### What is needed:
All entries below are to be written out again exactly, but no picture is to be copied.

### Records for this task:
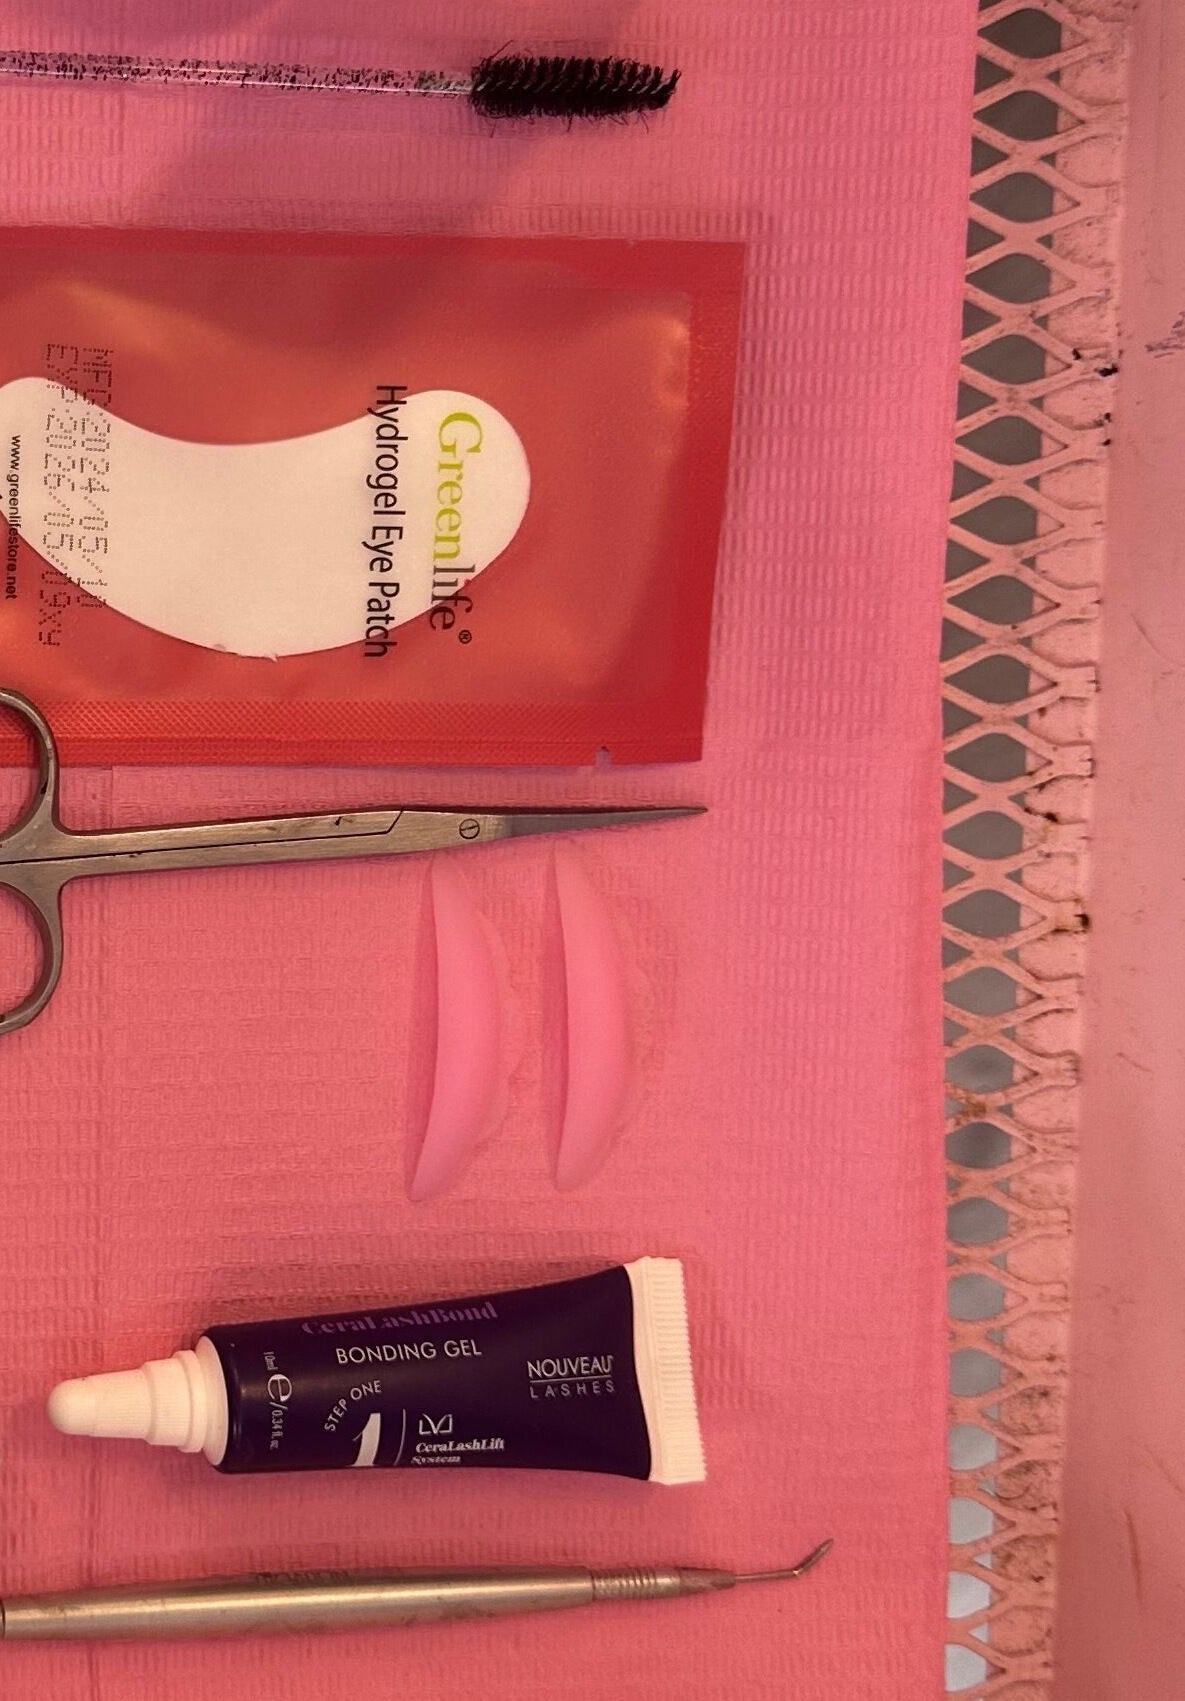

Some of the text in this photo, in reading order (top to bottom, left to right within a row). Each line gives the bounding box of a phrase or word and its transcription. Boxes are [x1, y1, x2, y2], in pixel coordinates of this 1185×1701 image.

[5, 435, 21, 600] www.greenlifestore.net
[362, 385, 409, 657] Hydrogel Eye Patch
[301, 1302, 499, 1335] CeraLashBond
[335, 1338, 483, 1365] BONDING GEL
[527, 1355, 615, 1377] NOUVEAU
[324, 1379, 382, 1432] STEP ONE
[530, 1380, 615, 1399] LASHES
[347, 1412, 382, 1467] 1
[415, 1437, 505, 1453] CeraLashLift
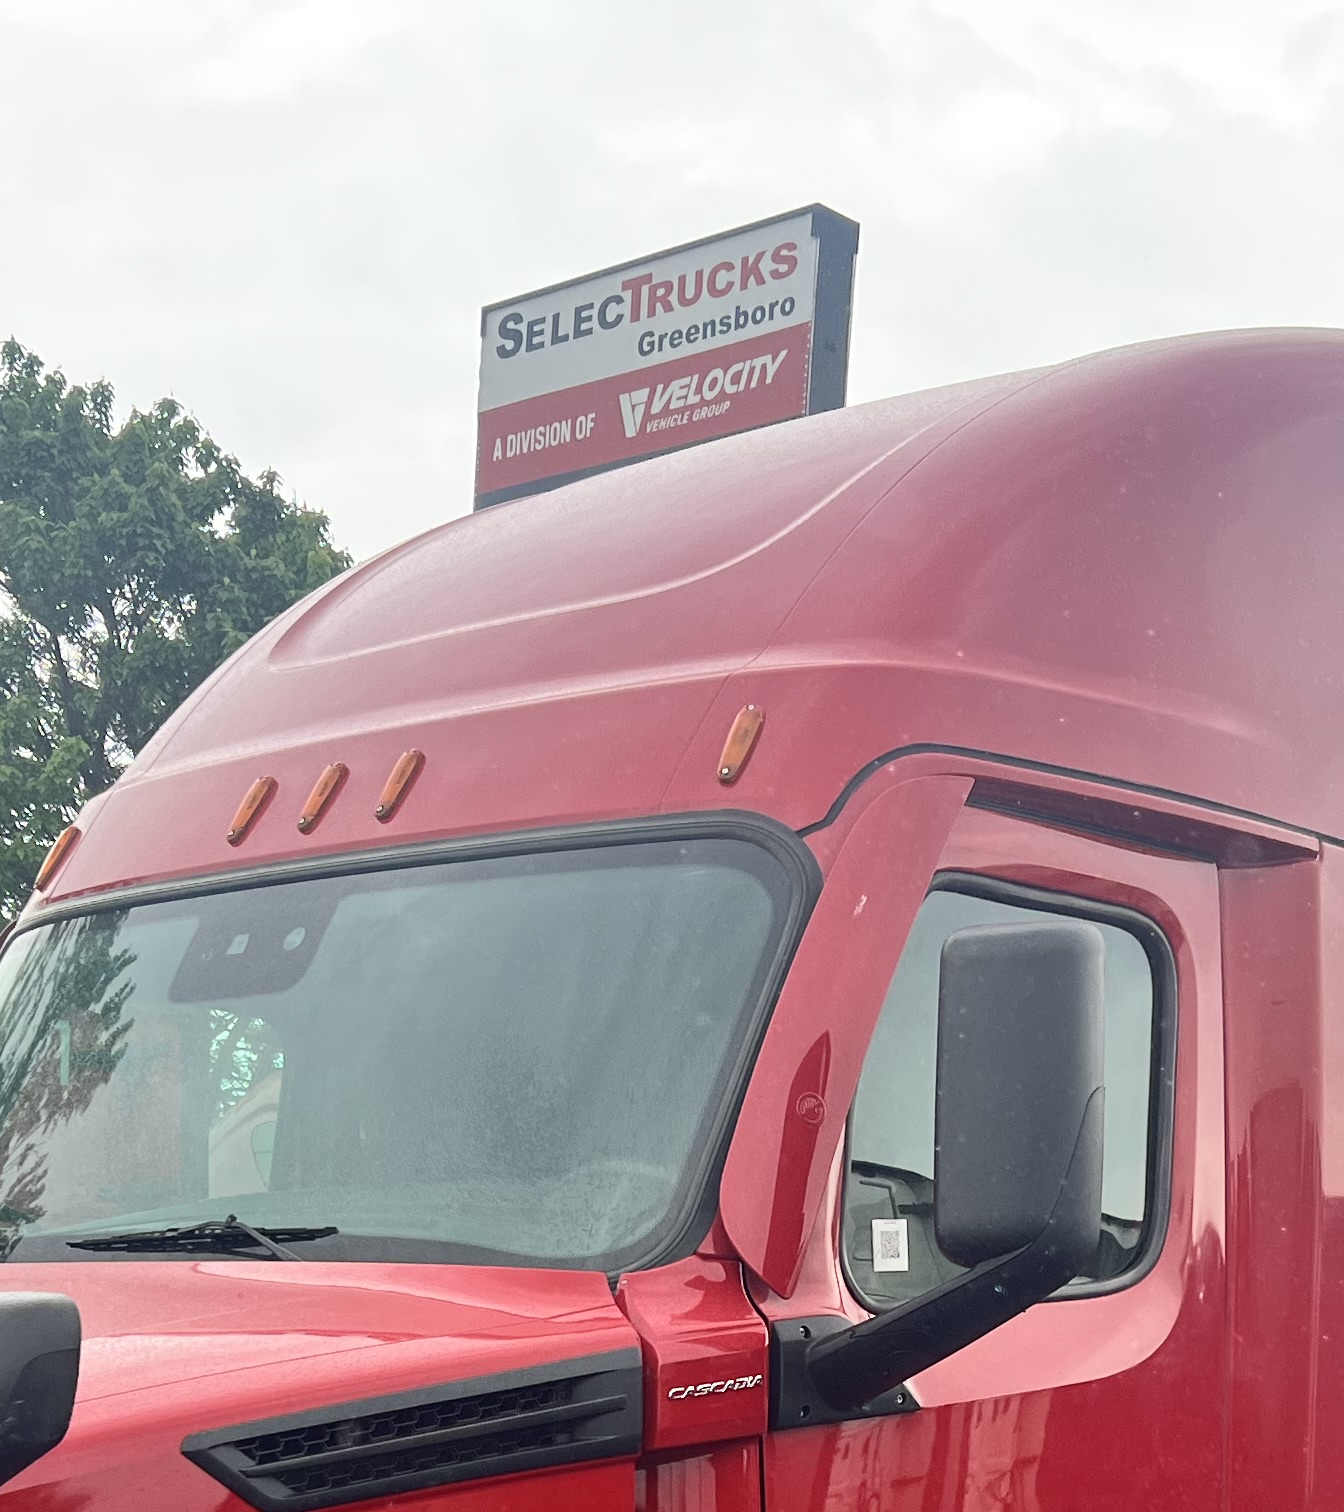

### Answer space:
Some of the text in this photo, in reading order (top to bottom, left to right within a row). Each line gives the bounding box of a phrase or word and its transcription. Boxes are [x1, y1, x2, y2], in pixel coordinates of this 1185×1701 image.

[5, 435, 21, 600] www.greenlifestore.net
[362, 385, 409, 657] Hydrogel Eye Patch
[301, 1302, 499, 1335] CeraLashBond
[335, 1338, 483, 1365] BONDING GEL
[527, 1355, 615, 1377] NOUVEAU
[324, 1379, 382, 1432] STEP ONE
[530, 1380, 615, 1399] LASHES
[347, 1412, 382, 1467] 1
[415, 1437, 505, 1453] CeraLashLift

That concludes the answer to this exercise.